Armstrong mentioned how cultural factors can also impact one’s mental health toolbox, sharing his experience with being encouraged to focus on faith as a catch-all solution. “The response to mental health stressors can also be impacted culturally. Growing up in rural North Carolina, as the son of a minister, I was socialized not to talk about mental health, but rather to pray and persevere,” he said.
Armstrong considers an increased dialogue on the subject a step in the right direction. “We can all play a role in protecting parents’ mental health and actions like reaching out to a parent to have conversations about mental health, staying connected, helping parents prioritize self-care, learning about the warning signs for mental health challenges, and connecting parents to mental health support are universal,” he said.
The American Foundation for Suicide Prevention created the Talk Away The Dark campaign “to prompt direct conversations about suicide to save lives.” It includes five directives that are useful in conversations about mental health. Armstrong suggests using them to engage parents.
See below how you can help support the parents in your life.
Schedule a Time To Talk
Etiquette guides have been advocating asking permission to have difficult conversations for decades. This type of approach is recommended for mental health check-ins as well. “You may not always be able to speak with someone when you notice they might be struggling. It’s fine to circle back some other time, but creating some space to talk is the perfect thing to do,” said Armstrong.
“Let them know you can have a conversation at a time that’s right for them,” he added.
Start With An Expression Of Care, Followed By An Observation
Starting with soft language can set the stage to interact without offending. “You can say something like, I care about you, and I’ve noticed you haven’t been yourself lately. You seem more frustrated than you’ve been in a while, and I’m wondering how you’re doing,” says Armstrong.
Reassure the person it’s okay to talk about their mental health.
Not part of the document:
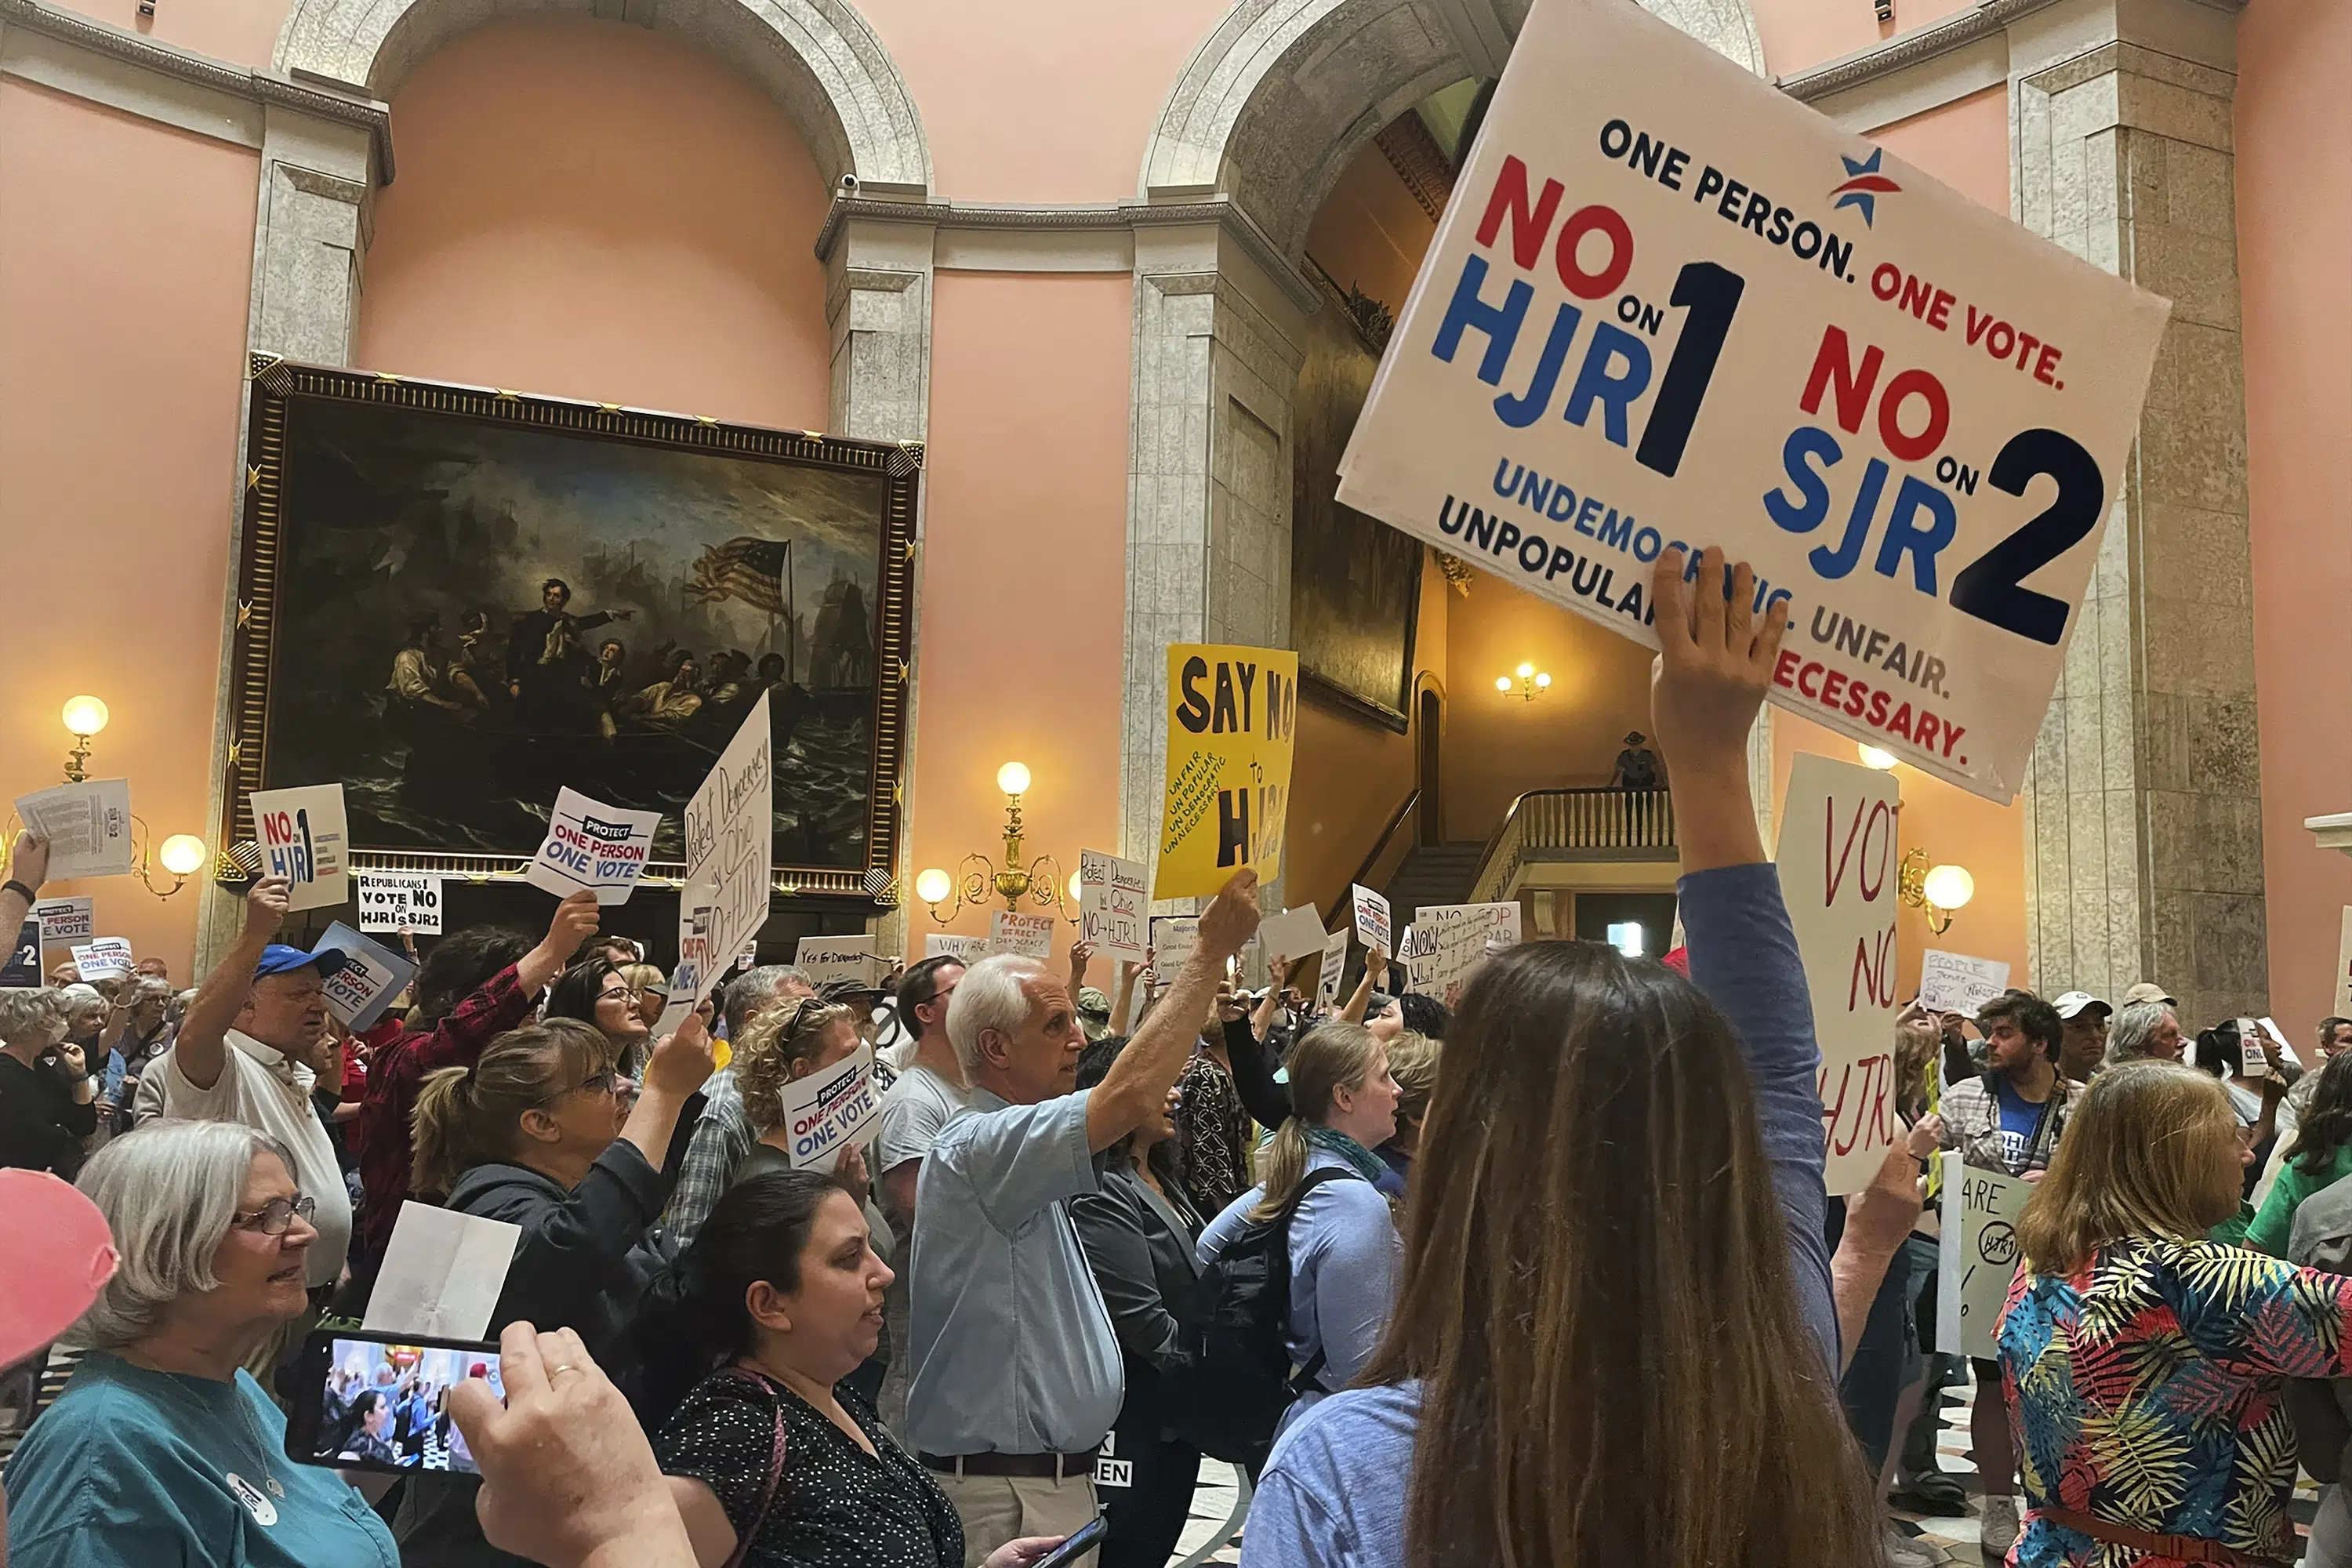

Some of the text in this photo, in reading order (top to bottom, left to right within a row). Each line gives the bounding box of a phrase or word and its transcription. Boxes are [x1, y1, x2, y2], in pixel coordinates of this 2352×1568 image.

Throughout the conversation, you can say, “Everyone goes through periods in their life when they’re struggling. But just because you’re struggling now doesn’t mean you’ll always feel this way.”
If They Are Hesitant To Share With You, Offer To Help Connect Them To Someone Neutral
It can be helpful to have suggestions for alternative people for your loved one to connect with in case they are uncomfortable or not ready to share with you. “If you suspect your loved one might be more comfortable talking with someone else, you can say things like, ‘Is talking to me about this helping you right now? Or is there someone else you’d feel more comfortable with, who we can bring in to help support you?’ Mentioning they can get help from a mental health professional can also make a difference,” said Armstrong.
Follow Up Again and Again and Again
You may have to connect with your loved one more than once to offer what they need. It is normal to have a series of discussions.
“Reiterate that you are so glad for the chance to connect on this deeper level about such meaningful things in life. Remind them that we all have challenges and that you’ll continue to be there for them,” said Armstrong.